Mes Vosges

Sinon à part ça je suis rentré dans mon pays natal voir les vieux potes et ce qu’il reste de ma famille. Dans les Vosges profondes les gens sont gentils. Les flans sont à la myrtille et les pâtés sont lorrains, c’est-à-dire au vin blanc. Quand je suis passé en caisse avec le combo flan et pâté, j’ai pas perdu un bras. Là où je vis maintenant, tu pleures même pour une baguette …et c’est pas forcément bon. Ils disent que c’est à cause de l’humidité de l’océan. Moi je pense que la farine est espagnole et que c’est du 1er prix. Attention, j’ai rien contre les Espagnols.
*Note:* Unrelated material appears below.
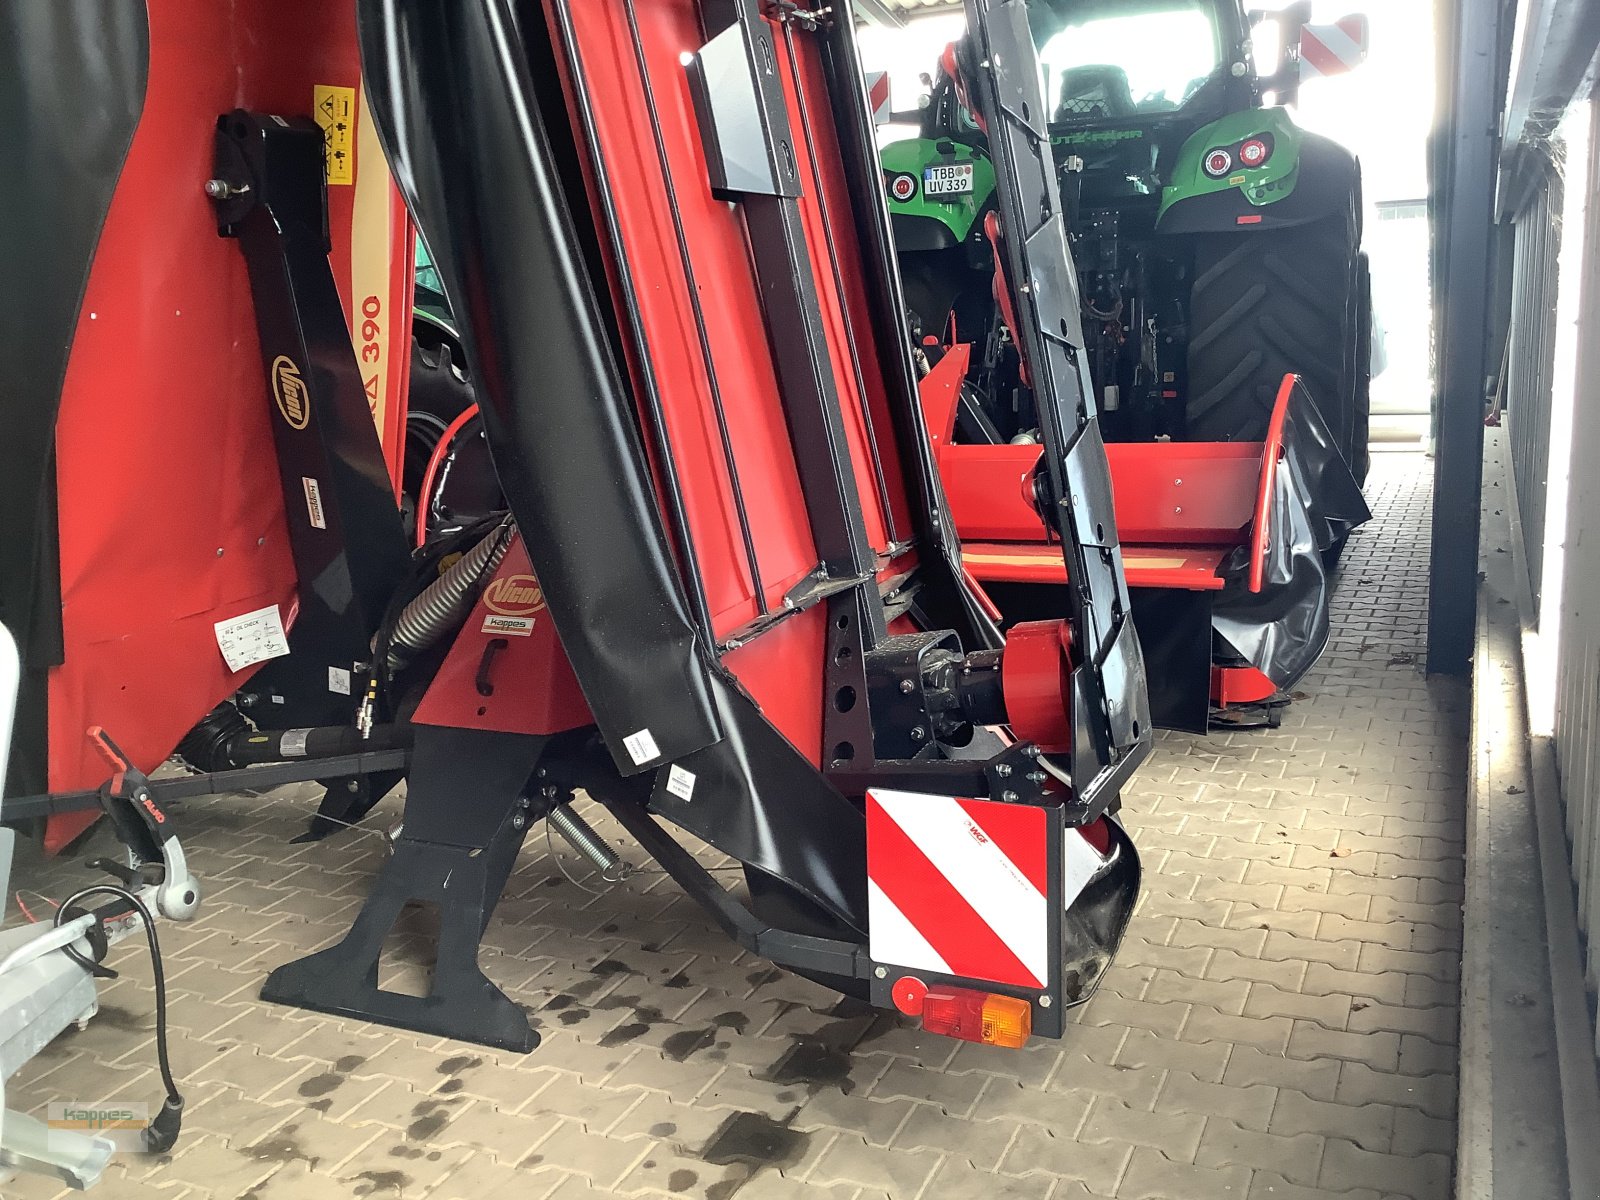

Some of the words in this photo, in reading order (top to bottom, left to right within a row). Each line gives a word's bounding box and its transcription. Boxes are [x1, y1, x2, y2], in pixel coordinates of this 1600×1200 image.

Dans ma montagne vosgienne, je suis retourné au bar du coin. Trente ans avant, la serveuse était sympa. La nouvelle aussi a l’air cool mais elle me connait pas. Je suis passé du stade de célébrité du village à inconnu. On a parlé de ce qu’on buvait il y a maintenant 30 piges dans son rade. Jusqu’à ce que je comprenne qu’elle était même pas née à cette époque et que ça devait la gonfler d’écouter un vieux jeune qui radote. Le temps passe mais l’ivresse reste la même. La mode du moment, elle m’a dit, c’est de boire des pintes lorraines. La pinte Lorraine, c’est du supersolide : pinte de Picon (ambiance Vosges donc dark) avec un grand fond de Mirabelle locale. Elle m’a expliqué que c’est vendu 16 €. J’ai trouvé ça cher mais elle m’a dit que t’en bois qu’une. J’ai compris pourquoi.